_SOURCE MATERIAL_
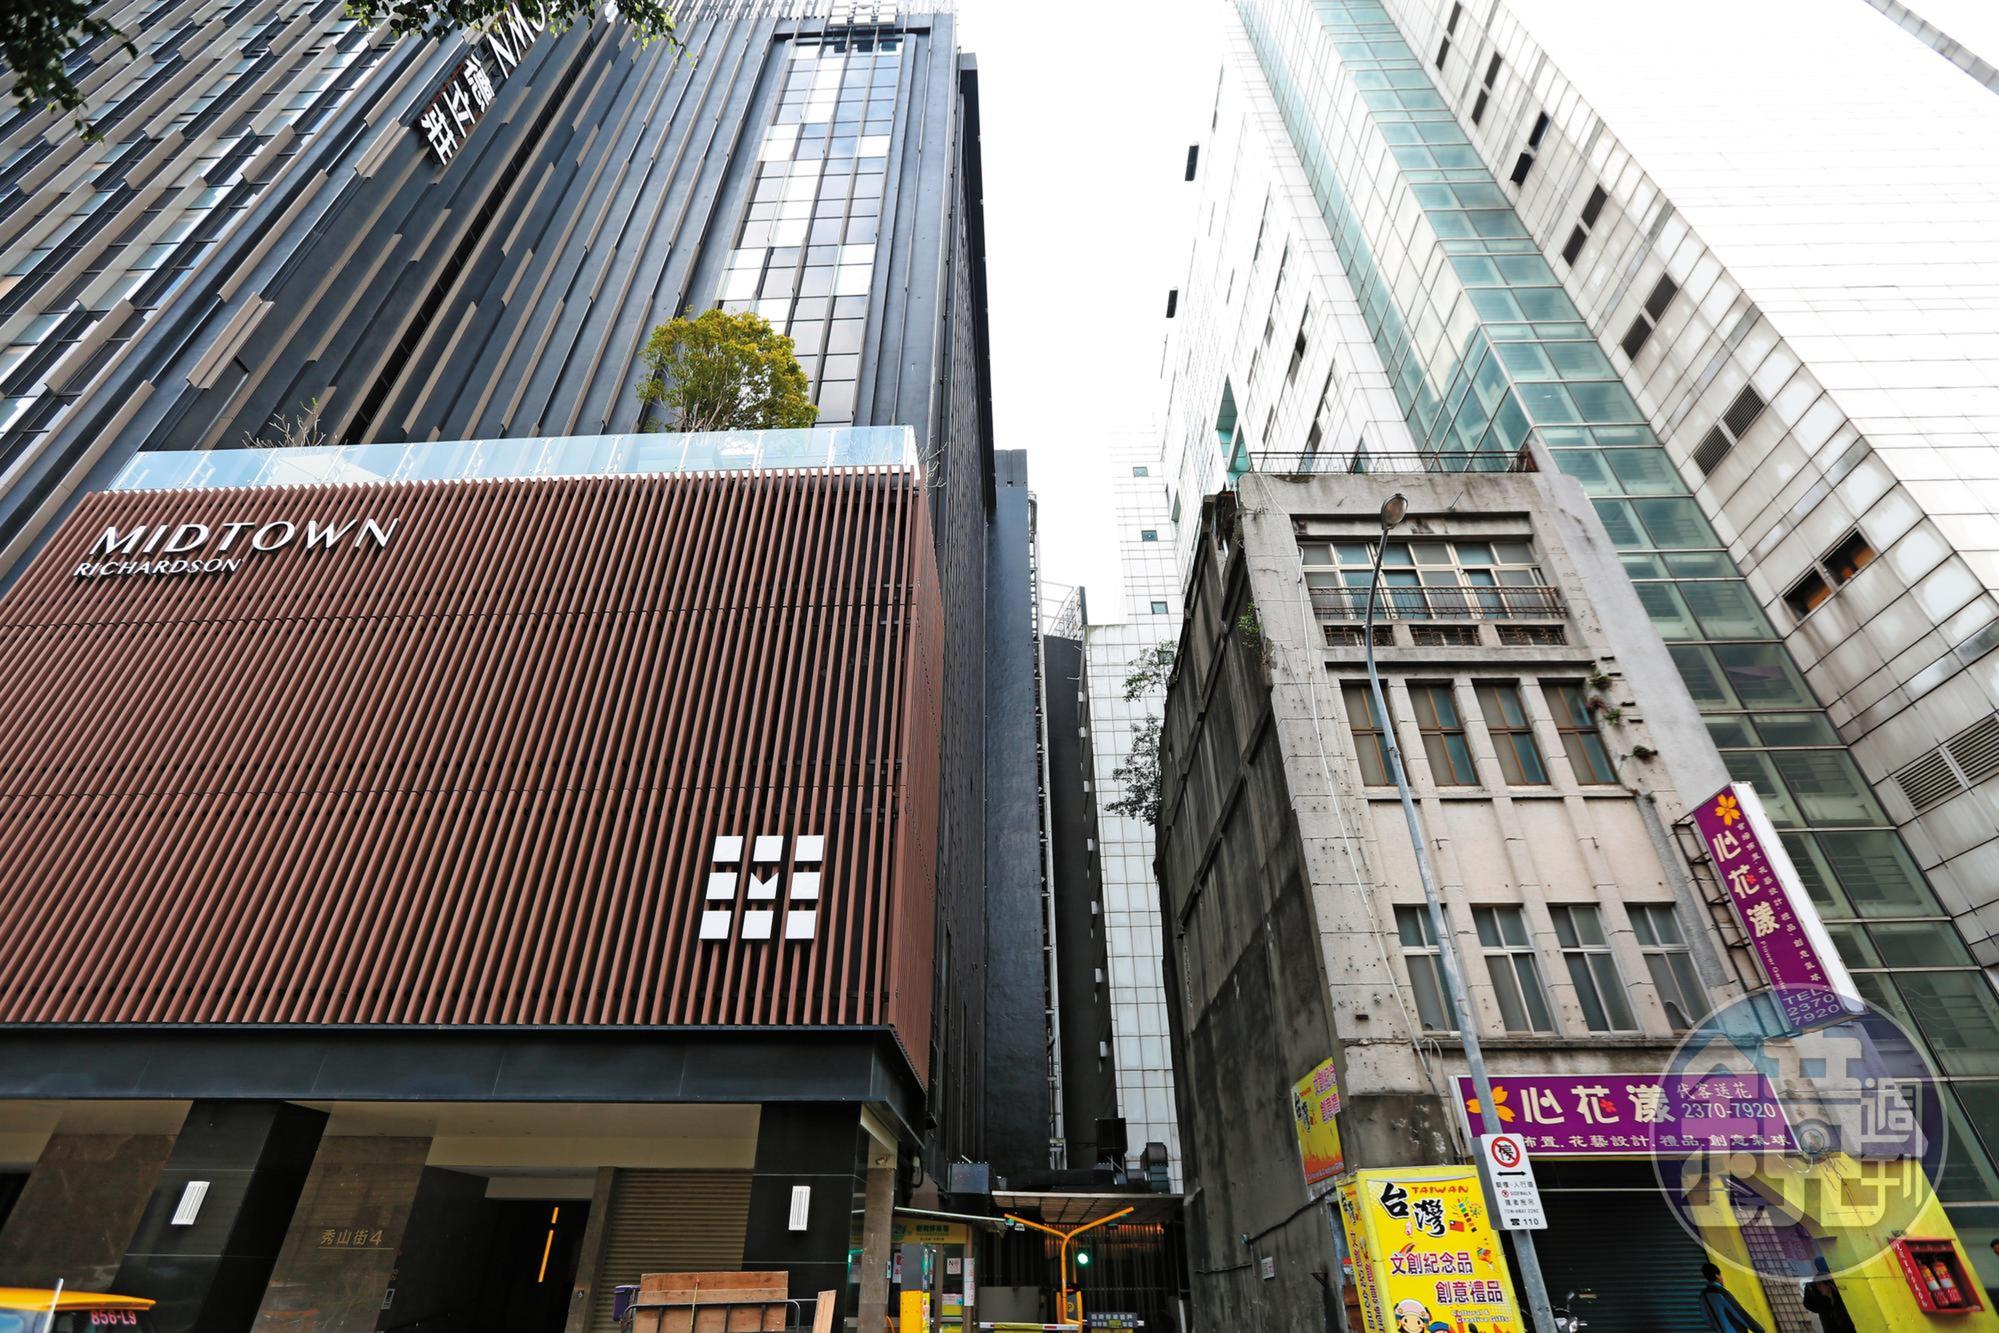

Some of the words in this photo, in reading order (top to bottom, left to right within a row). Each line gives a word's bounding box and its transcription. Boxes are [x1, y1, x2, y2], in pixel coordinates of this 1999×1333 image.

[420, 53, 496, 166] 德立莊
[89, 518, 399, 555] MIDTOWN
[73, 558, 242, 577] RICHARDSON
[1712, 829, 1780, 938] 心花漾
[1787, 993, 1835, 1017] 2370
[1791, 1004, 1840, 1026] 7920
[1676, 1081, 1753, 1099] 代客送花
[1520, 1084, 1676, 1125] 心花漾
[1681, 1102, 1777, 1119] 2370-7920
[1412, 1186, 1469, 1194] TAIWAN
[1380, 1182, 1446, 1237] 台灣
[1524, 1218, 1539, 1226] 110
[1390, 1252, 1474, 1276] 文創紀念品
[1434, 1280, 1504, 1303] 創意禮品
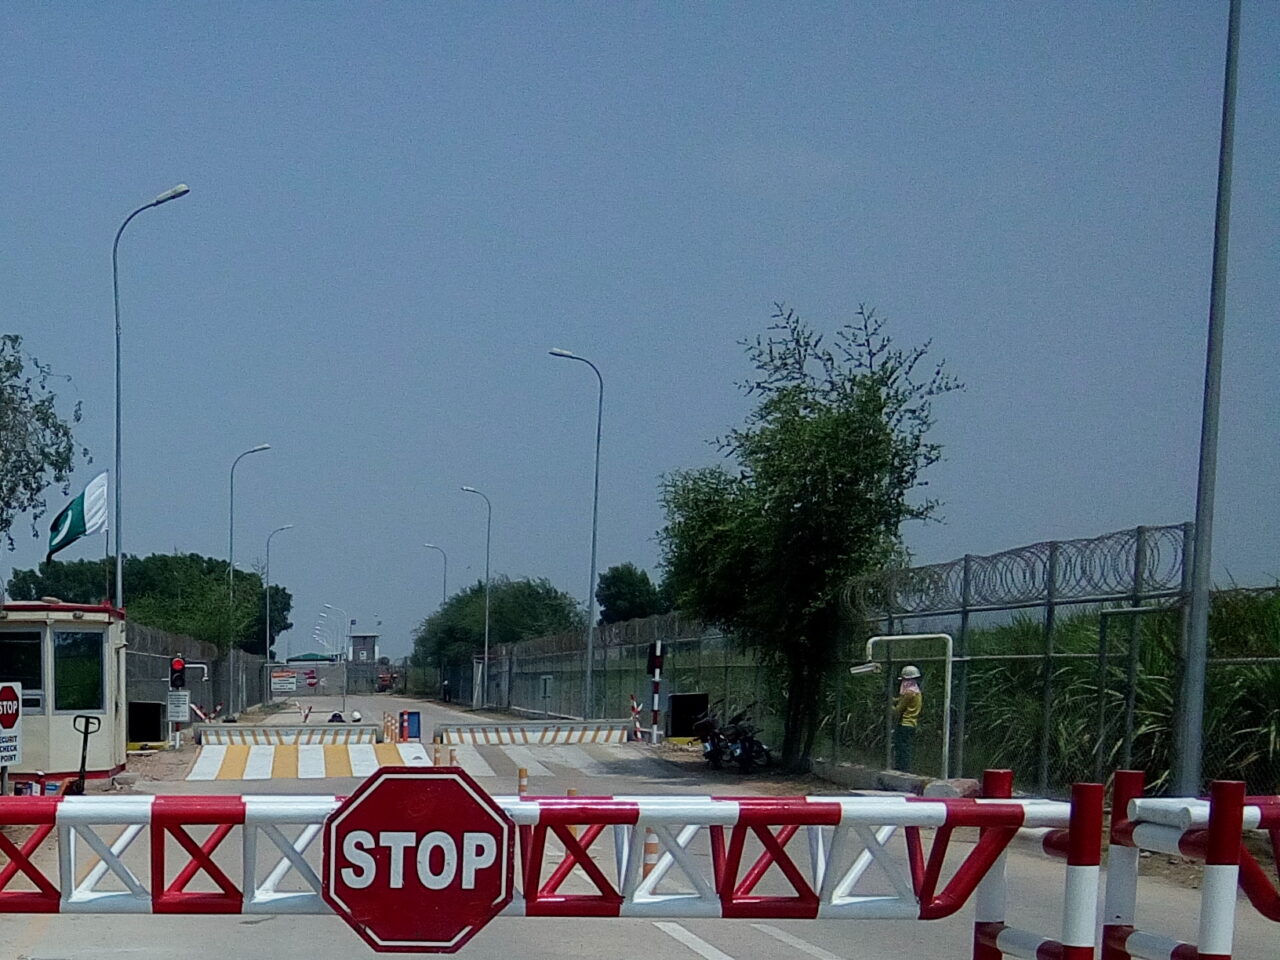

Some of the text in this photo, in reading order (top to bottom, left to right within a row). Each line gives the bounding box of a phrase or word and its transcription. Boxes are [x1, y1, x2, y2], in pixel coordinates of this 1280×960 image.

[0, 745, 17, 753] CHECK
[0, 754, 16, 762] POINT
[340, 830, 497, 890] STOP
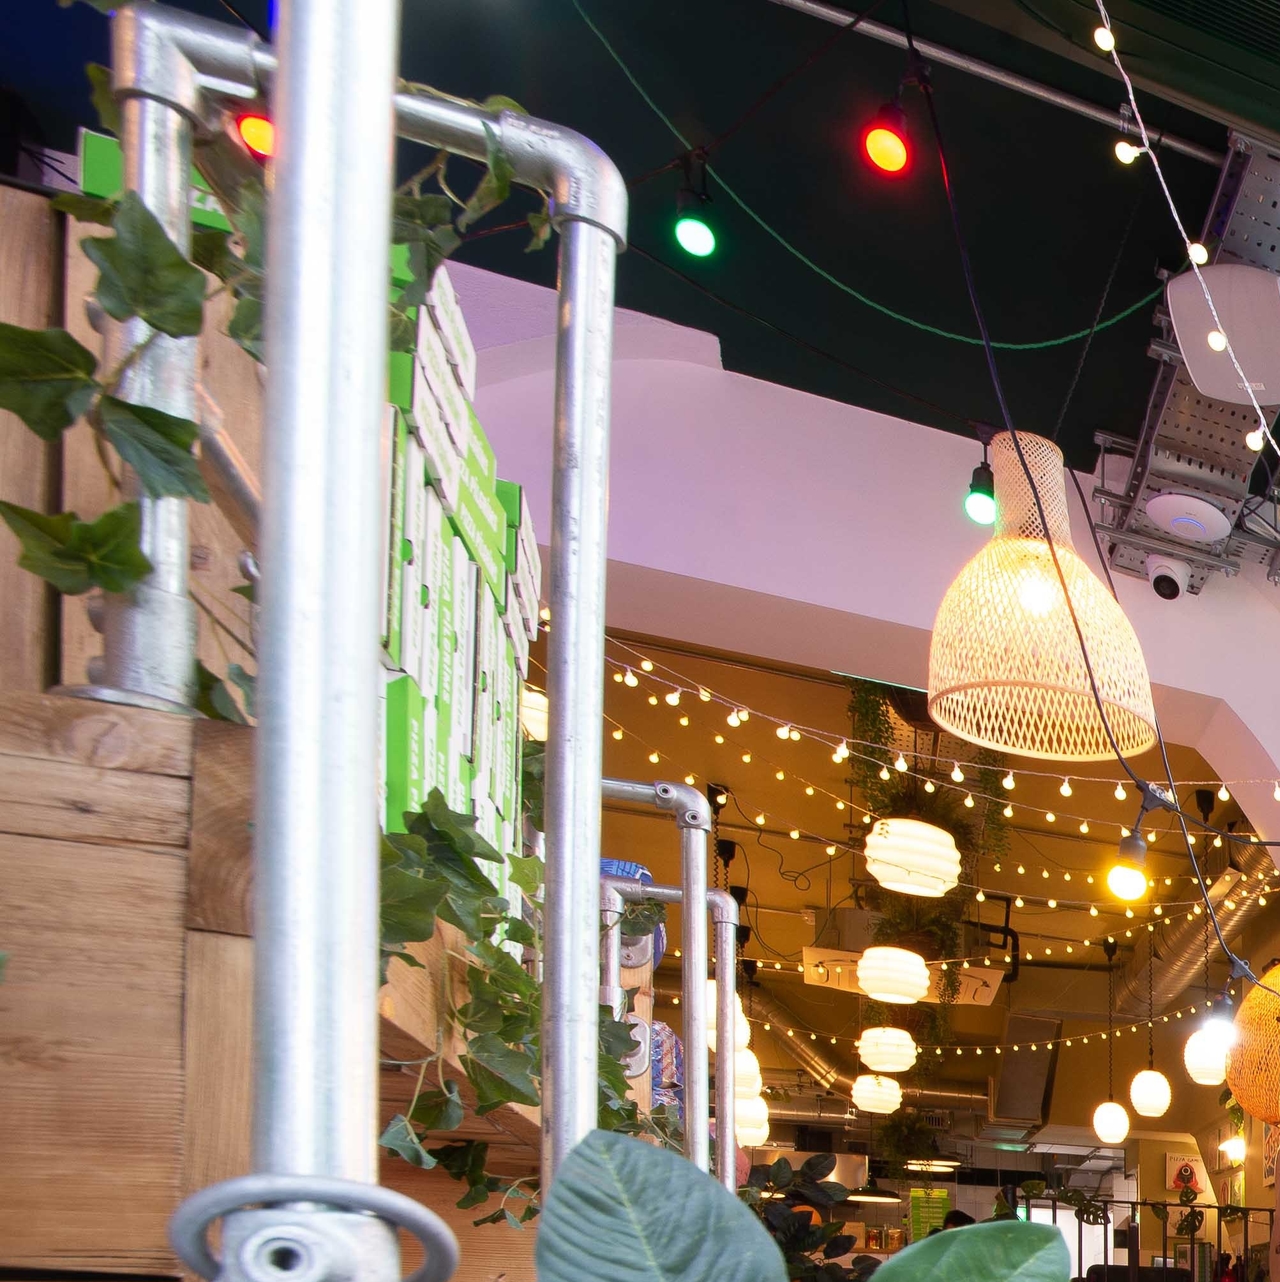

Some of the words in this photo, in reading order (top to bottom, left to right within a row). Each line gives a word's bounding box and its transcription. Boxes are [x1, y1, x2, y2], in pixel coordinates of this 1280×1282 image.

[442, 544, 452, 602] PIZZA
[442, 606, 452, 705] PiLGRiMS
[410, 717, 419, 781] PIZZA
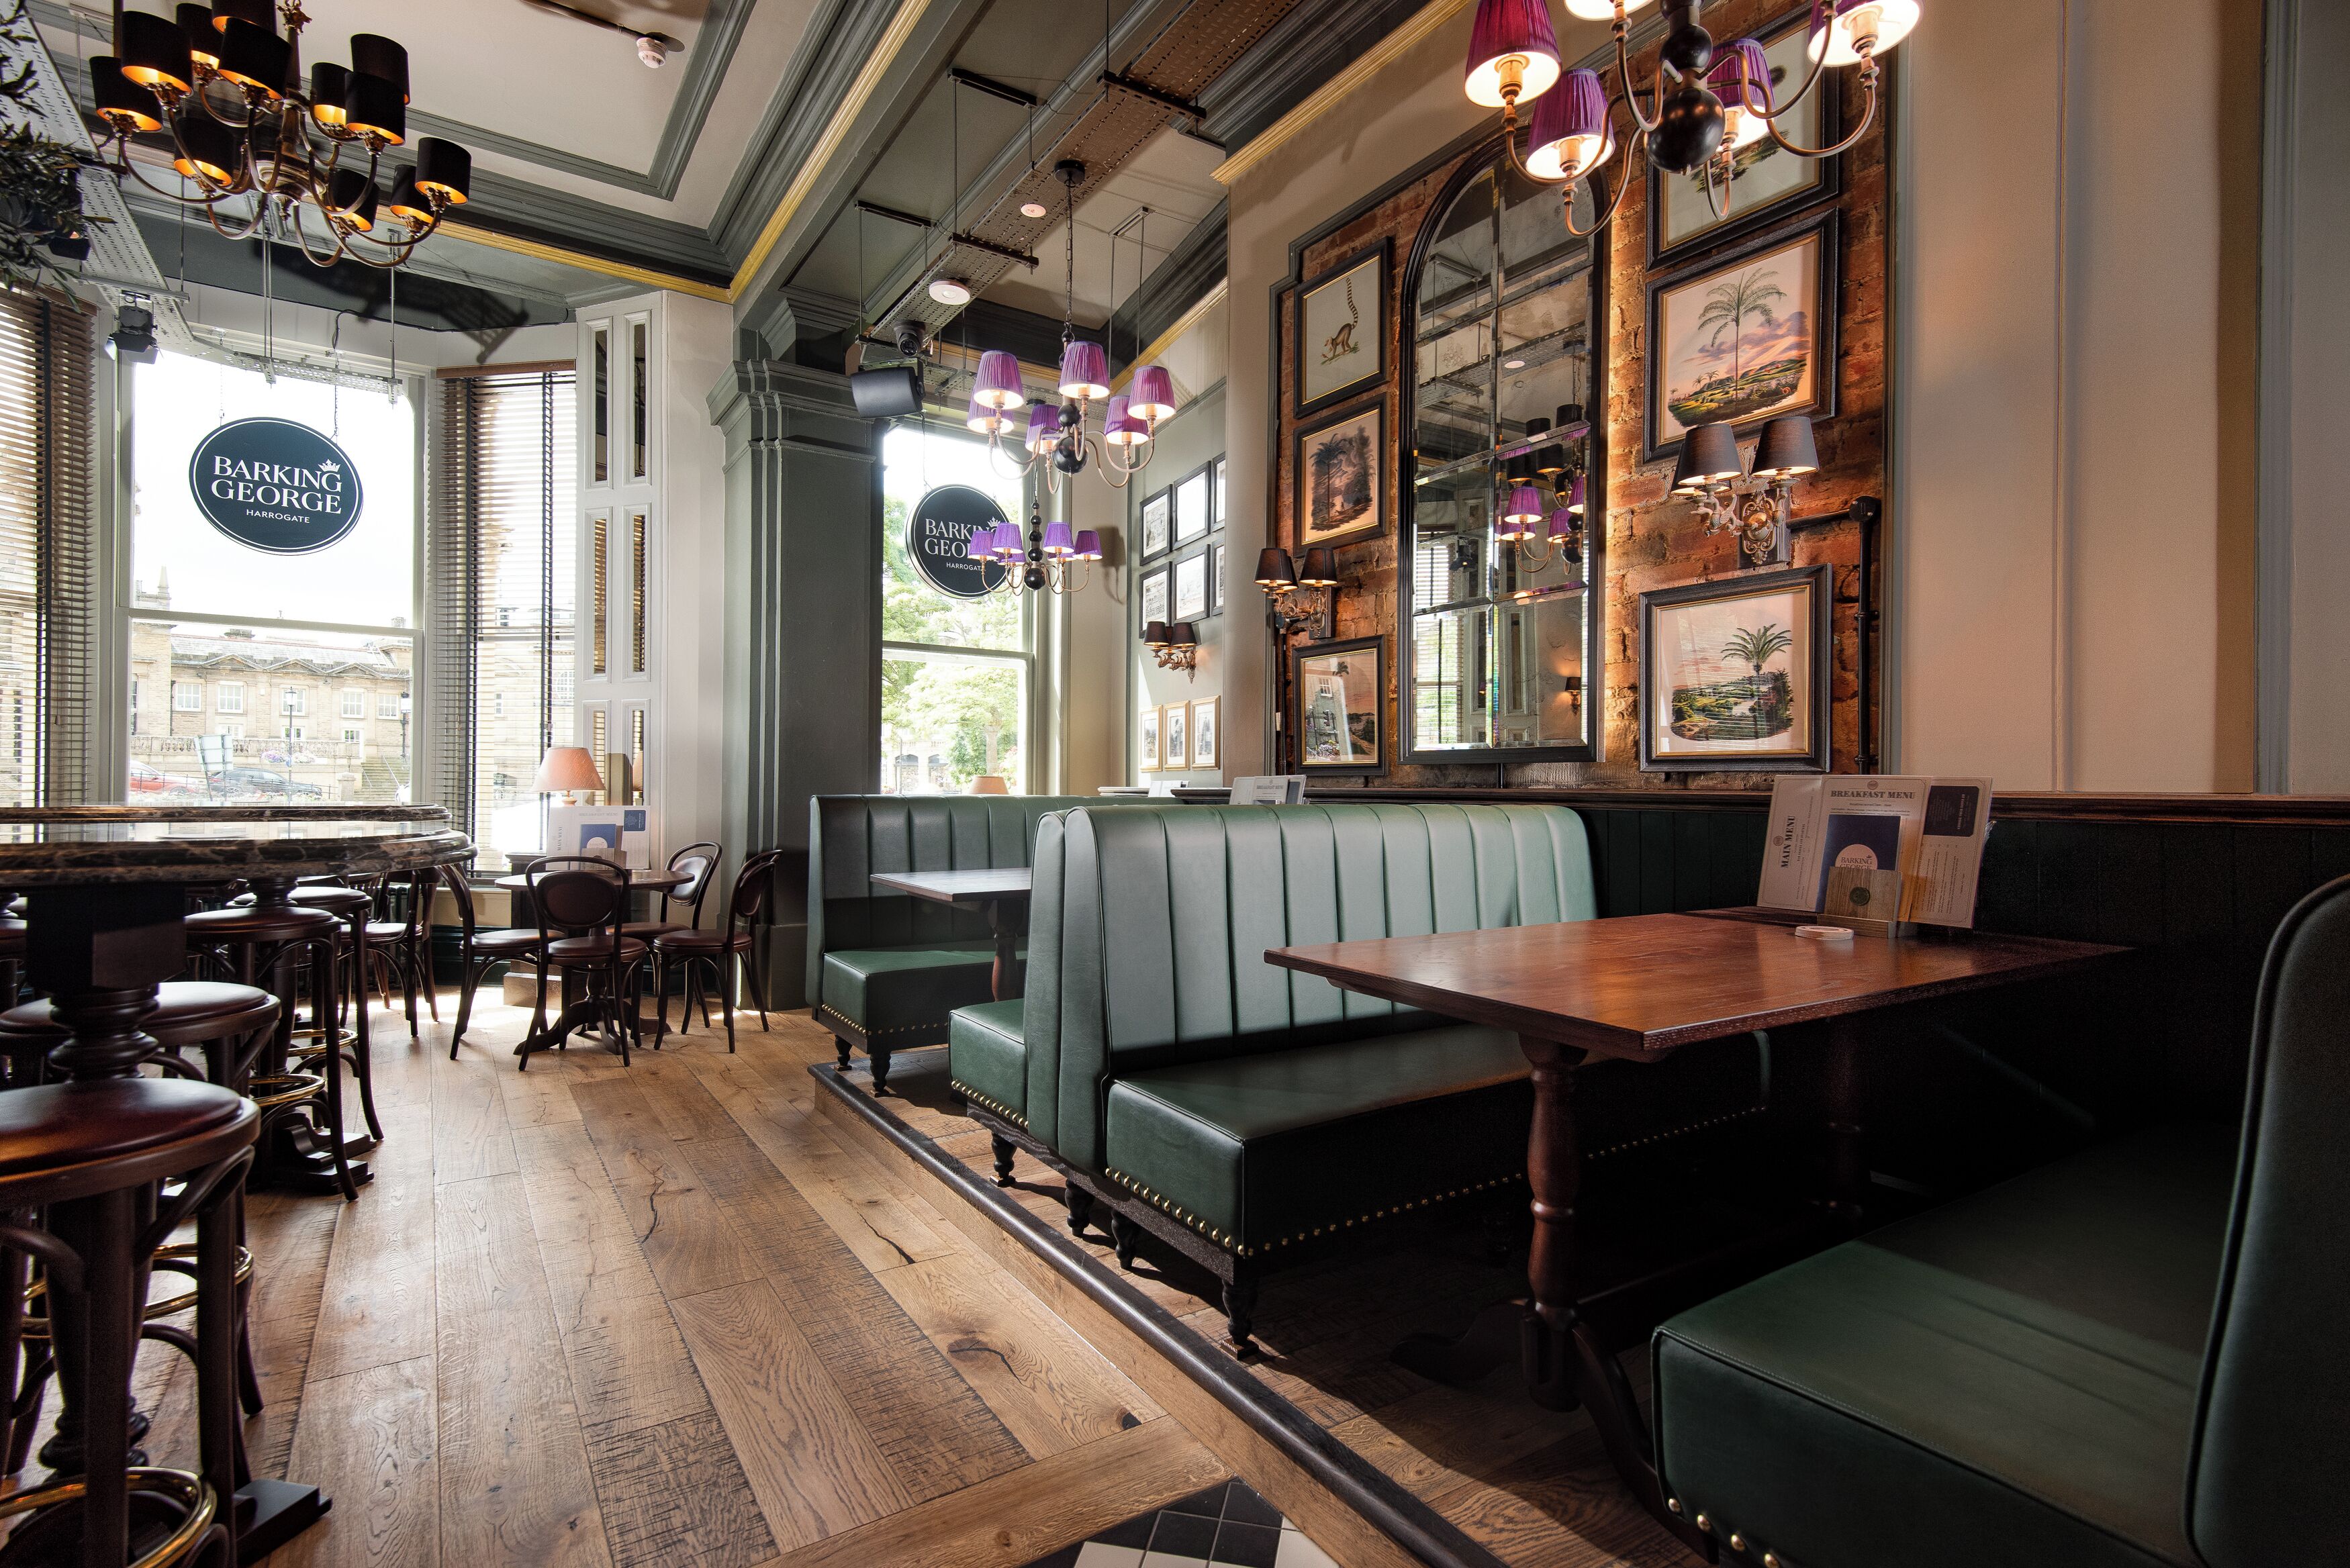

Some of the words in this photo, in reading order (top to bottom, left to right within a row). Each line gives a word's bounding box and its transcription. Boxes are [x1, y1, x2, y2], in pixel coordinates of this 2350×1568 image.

_REQUIREMENT_
Apart from the pictures, repeat every entry exactly.

_YOUR SOLUTION_
Some of the words in this photo, in reading order (top to bottom, left to right within a row). Each line gives a word's bounding box and its transcription. Boxes are [x1, y1, x2, y2], in pixel coordinates of this 1999×1333 image.

[420, 53, 496, 166] 德立莊
[89, 518, 399, 555] MIDTOWN
[73, 558, 242, 577] RICHARDSON
[1712, 829, 1780, 938] 心花漾
[1787, 993, 1835, 1017] 2370
[1791, 1004, 1840, 1026] 7920
[1676, 1081, 1753, 1099] 代客送花
[1520, 1084, 1676, 1125] 心花漾
[1681, 1102, 1777, 1119] 2370-7920
[1412, 1186, 1469, 1194] TAIWAN
[1380, 1182, 1446, 1237] 台灣
[1524, 1218, 1539, 1226] 110
[1390, 1252, 1474, 1276] 文創紀念品
[1434, 1280, 1504, 1303] 創意禮品

Some of the text in this photo, in reading order (top to bottom, left to right within a row). Each line gives the bounding box of a phrase or word and its transcription. Boxes are [x1, y1, x2, y2], in pixel coordinates of this 1280×960 image.

[0, 745, 17, 753] CHECK
[0, 754, 16, 762] POINT
[340, 830, 497, 890] STOP

Some of the words in this photo, in reading order (top to bottom, left to right within a row). Each line gives a word's bounding box and its transcription. Boxes are [x1, y1, x2, y2], in pixel coordinates of this 1280×1282 image.

[442, 544, 452, 602] PIZZA
[442, 606, 452, 705] PiLGRiMS
[410, 717, 419, 781] PIZZA

Some of the words in this photo, in reading order (top to bottom, left to right within a row). Each line gives a word's bounding box and its transcription. Boxes are [x1, y1, x2, y2], in pixel coordinates of this 2350×1568 image.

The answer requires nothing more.